2. GET _mget (multiple get) — can be used to avoid multiple round trips. when requesting multiple records bsased on the their _id.

3. Override operator at “match” if one needs conditions linked with “or” operator

{
"match": {
"field_name": {
"query": "word1 word2",
"operator": "and", // — it can be used for SQL like query: condition1 and condition2, but it does not help if we have nested conditions, then the bool query is a right choice
"minimum_should_match": "2"
}
}
}

4. Elasticsearch provides the migration plugin to migrate to ES 5.0.

If you still stuck with older ES version, then migration lugin might very handy. Client Queries have to be analysed manually, just because migration plugin does not know about client queries.

5. New data type at ES 5.0: half_float (half precision), scaled_float (safe on space as it is long data type under the hood with scaling, use case: price field)

6. Percolator queries: ES can store queries to match to provided documents. It is like inverted flow. Someone may be interested which stored queries in the ES mapping are matching to provided documents. Result of peroclator query is boolean.

7. “_all” field includes value of all document fields

It makes sense to disable “_all” field to save on disk space

8. _meta

Special field in the mapping which can be used for comments/documentation. It is not used for search by ES

9. Index management.

  • Common use case for indexes of ES is to create daily based indexes. Can be used for customer orders as an example.

10. Phonetic encoder. Can be used for people names to create synonyms during the indexing. Use case: when search for a person name has some typos/mistakes in a query, ES can find documents in this case

Day 2

1. Elasticsearch cluster is using Strong Consistency model (or close to it). “Update” flow also reminds distributed transaction. Clients receives successful response on write operation, when cluster has been successfully stored and replicated the data across its replicas.

2. User can speed up indexing by disabling replication to other nodes.

3. One can use URL parameter “preference=local” to query local shards, if any available, even these local shards are “secondaries”

4. Split Brain issue

minimum_master_nodes — number of nodes to have a quorum for election of a master node. It can be set in runtime. It is very important setting that helps to avoid “Split brain” issue, when parts of the cluster have its own master node.

5. sort by “_doc” to skip default sorting by score.

6. Pagination: size is limited to 10 000. Use scroll searches for unlimited pagination

7. Use Size = 0 to speed up the aggregations, so that ES do need to collect hits among cluster nodes

8. Parent child types

If system is under frequent writes and it supposed to be fast, then parent_child mapping can be used. However queries are going to be slower then, due to sparse data in ES

Otherwise — go with flat structure in ES, without parent_child mapping

Advanced Developer

  1. Painless scripts
  • Use params in script instead of literals, so that ES can cache the script and query result then.

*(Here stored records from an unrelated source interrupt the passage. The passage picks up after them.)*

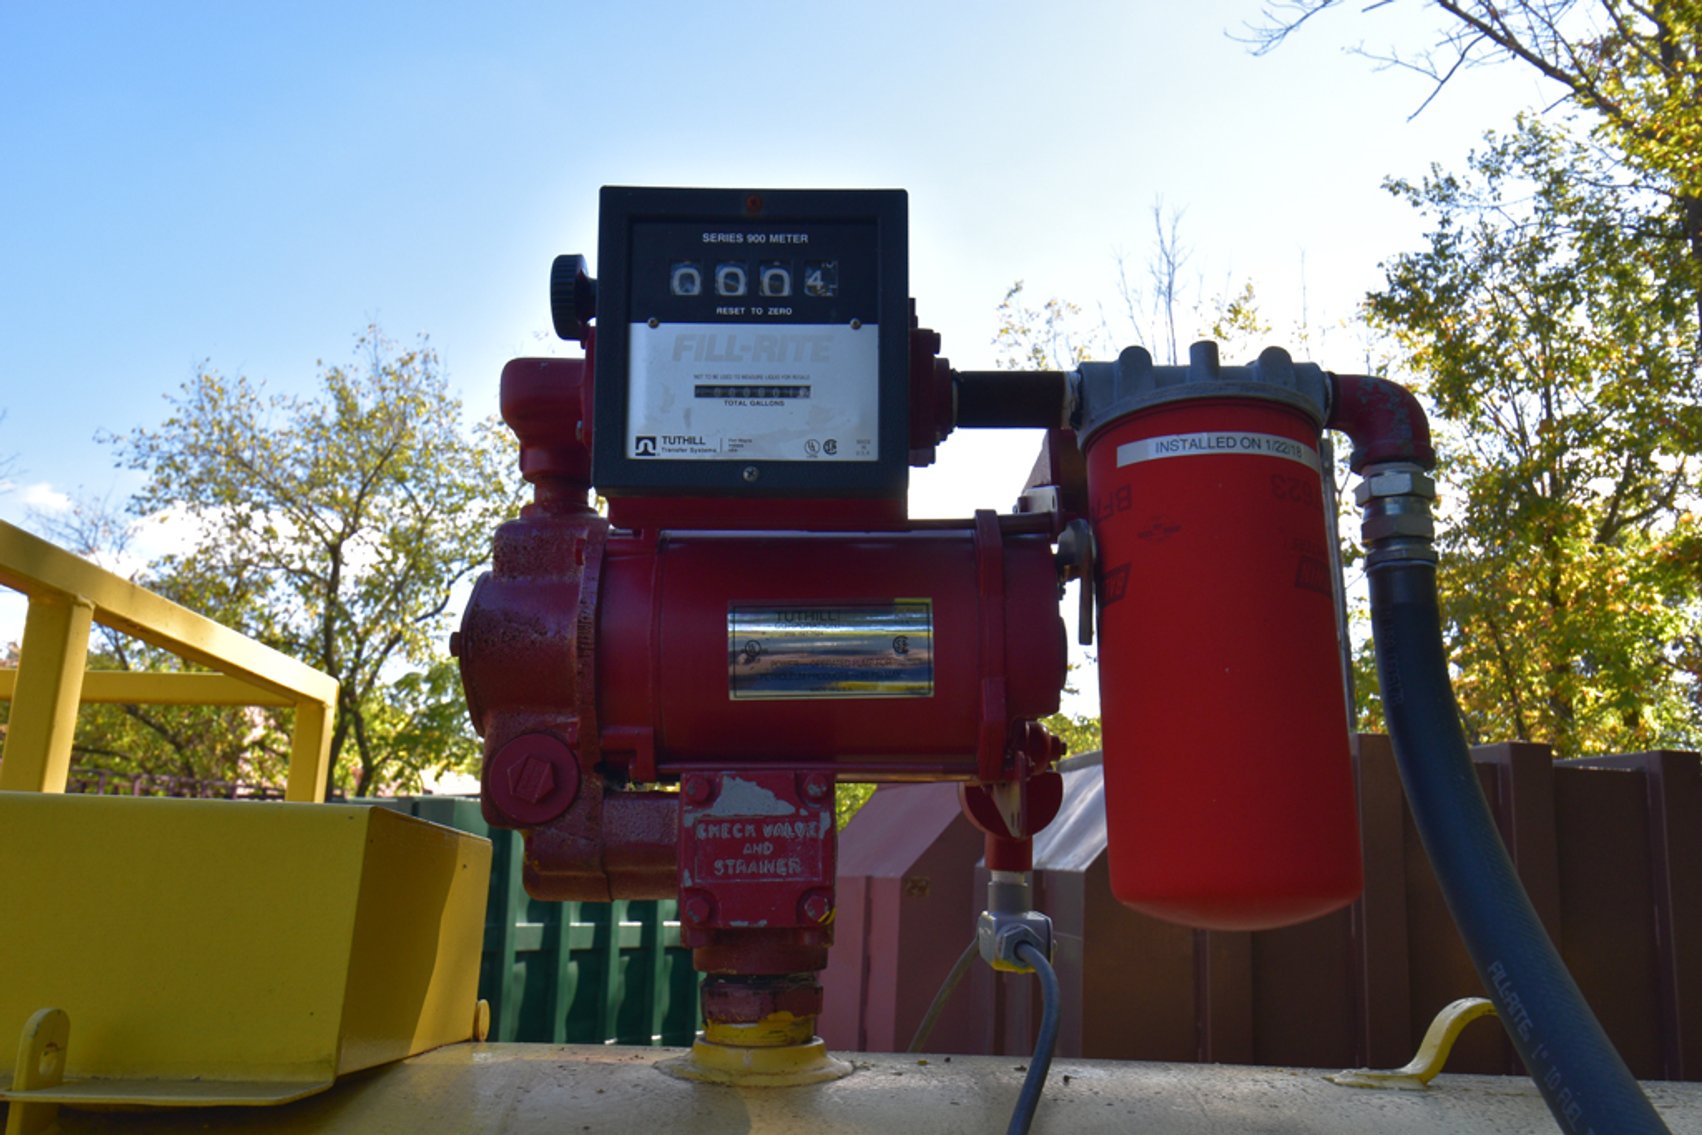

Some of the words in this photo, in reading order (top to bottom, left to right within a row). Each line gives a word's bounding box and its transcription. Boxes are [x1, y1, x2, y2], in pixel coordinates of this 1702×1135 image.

[702, 233, 744, 243] SERIES
[747, 234, 766, 243] 900
[769, 234, 809, 244] METER
[716, 307, 745, 315] RESET
[751, 307, 763, 315] TO
[768, 307, 793, 315] ZERO
[671, 333, 834, 362] FILL-RITE
[661, 435, 706, 446] TUTHILL
[1155, 436, 1237, 454] INSTALLED
[1240, 437, 1261, 450] ON
[690, 447, 717, 455] Systems
[696, 823, 756, 839] CHECK
[763, 822, 818, 838] VALVE
[743, 842, 774, 855] AND
[714, 858, 801, 875] STRAINER

2. Updates to Elasticsearch are working only with _source field, because Elasticsearch an abstraction on top of Apache Lucene

3. Scoring is one of the expensive operation during the quering the ES. Use “filter” clause when looking for a particular data set.

4. Multi-custer search

Tribe node is going to be deprecated. Use local cluster or single node to query local and remote data cluster using special URI prefix as cluster name. So that client can explictly control which cluster it wants to query.

5. Percolators query do not accumulate any state. It reminds strored function/procedure that can be triggered and be returned with bolean value to answer whether input document matches stored query or not.

6. Geolocation aggregation by geo shapes is expensive aggregation when doing “distance” aggregation by dimater. Try to use box shape search/aggregation instead of diameter to get better query performance.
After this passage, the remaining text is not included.